The traffic-free street named Rue St. Jean is the main drag, flanked by other pedestrian-only lanes. The city's trademark serpentine passageways ("traboules") were essentially shortcuts linking the Old Town's three main streets. Traboules provided shelter from rain when reams of silk -- a key industry in Lyon -- were moved from one place to the next. Lyon's traboules give visitors a hide-and-seek opportunity to discover pastel courtyards, lovely loggias, and delicate arches.
Getting around is a joy in Lyon. Electric buses have replaced diesel buses in the historic core, and bike lanes run everywhere. Bikers enjoy the new bike path/walkway along the east side of the Rhone River. A good destination is the vast Golden Head Park, with rowboat rentals and a miniature golf course.
Museum-goers head to the Fine Arts Museum (second in France only to the Louvre), the Silk Workshop (demonstrating handmade silk printing), the Museums of Textiles and Decorative Arts (one tracing the development of textile weaving over 2,000 years, the other featuring 18th-century decor in a mansion), and the Puppets of the World Museum, celebrating Guignol puppetry, the still-vibrant tradition first created in Lyon by an unemployed silk worker.
For many, Lyon's most gripping sight is the newly renovated Resistance and Deportation History Center, with well-organized displays and videos telling the inspirational story of the French Resistance.
Film fans will find it illuminating to visit the Lumiere Museum, which tells the story of film-making. Antoine Lumiere and his family ran a huge factory in Lyon in the 1880s, producing several million glass photographic plates a day. In 1895, they made what is considered the very first motion picture -- it features workers piling out of the Lumiere factory at the end of a workday. People attended movies at first not for the plot or the action, but rather to be mesmerized by the technology that allowed them to see moving images. After their initial success, the Lumieres sent cameramen to capture scenes from around the world, connecting diverse cultures and people in a way that had never been done before. In a wonderful coincidence, "lumiere" is the French word for "light."

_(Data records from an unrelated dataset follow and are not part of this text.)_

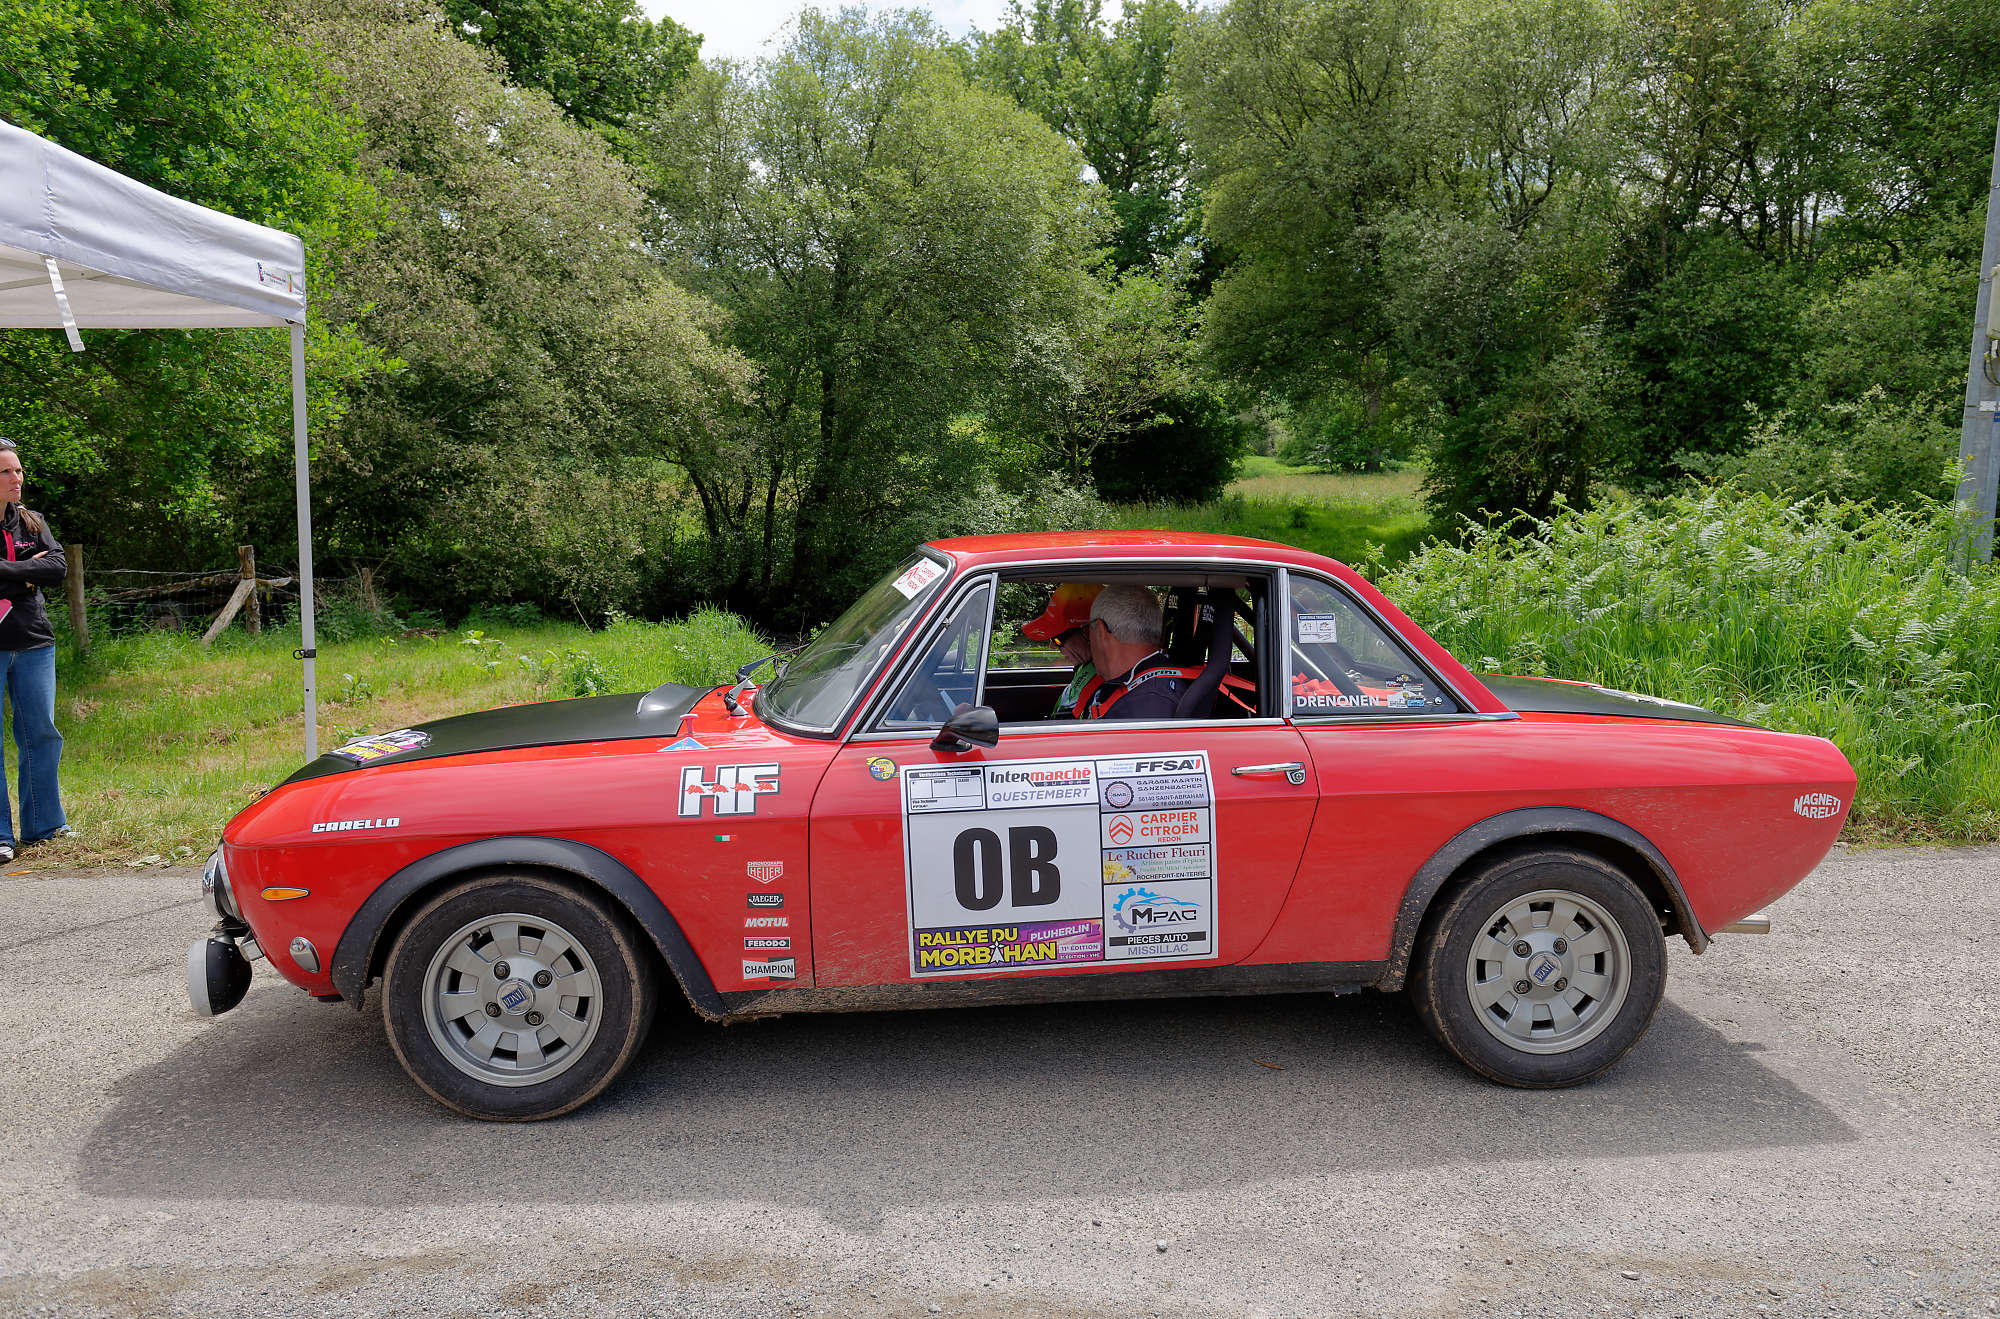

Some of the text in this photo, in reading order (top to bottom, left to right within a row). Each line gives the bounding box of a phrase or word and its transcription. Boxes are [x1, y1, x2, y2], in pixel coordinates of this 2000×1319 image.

[1296, 695, 1380, 708] DRENONEN
[1135, 759, 1194, 773] FFSA
[678, 762, 781, 817] HF
[991, 788, 1090, 802] QUESTEMBERT
[1140, 811, 1197, 824] CARPIER
[312, 817, 400, 833] CARELLO
[1140, 822, 1199, 836] CITROËN
[1107, 846, 1206, 862] Le Rucher Fleuri
[750, 867, 780, 880] HEUER
[1136, 871, 1207, 880] ROCHEFORT-EN-TERRE
[745, 917, 788, 927] MOTUL
[1131, 907, 1197, 925] MPAC
[919, 928, 1018, 947] RALLYE DU
[1030, 924, 1091, 941] PLUHERLIN
[1127, 933, 1189, 945] PIECES AUTO
[1128, 944, 1189, 955] MISSILLAC
[744, 965, 794, 975] CHAMPION

Lyon is famous for its state-of-the-art floodlighting, and the city hosts conventions on the topic, as well as an annual Festival of Lights in December (due to the attacks in Paris, the regular festival program is cancelled this year; instead, light displays will honor victims of the recent Paris attack). Year-round, more than 200 buildings, sites, and public spaces are gloriously floodlit every night. Go for an evening stroll and enjoy the view from Bonaparte Bridge and stop for a drink at a riverfront cafe.
For dinner, head to either the Old Town or the Presqu'ile, which each have thriving pedestrian avenues. Join the parade of restaurant shoppers and peruse the "bouchons" -- characteristic bistros which are especially fun in the evening. Lyon's restaurants and accommodations are more affordable than you'll find in Paris.
Lyon feels relaxed, welcoming, and surprisingly untouristy. It seems everyone's enjoying the place -- and they're all French.
If You Visit:
SLEEPING: Elysee Hotel, in the city center, is a simple little hotel with excellent rates and two-star comfort (moderate, www.elyseehotel.fr). The Hotel Globe et Cecil is professional and elegant, with tastefully decorated rooms and a service-oriented staff (splurge, www.globeetcecilhotel.com).
EATING: Les Retrouvailles serves tasty Lyonnaise cuisine in a charming setting under wood-beam ceilings with an open kitchen (38 Rue du BSuf, tel. 04 78 42 68 84). Bistrot de Lyon feels touristy but still bustles with authentic Lyonnaise atmosphere and reliable cuisine (64 Rue Merciere, tel. 04 78 38 47 47).
GETTING AROUND: Lyon has streetcars, Metro lines and funiculars (with tickets and one-day tickets that cover all three systems). Pedal taxis, called cyclopolitains, are used instead of traditional taxis for short trips.
TOURIST INFORMATION: www.lyon-france.com.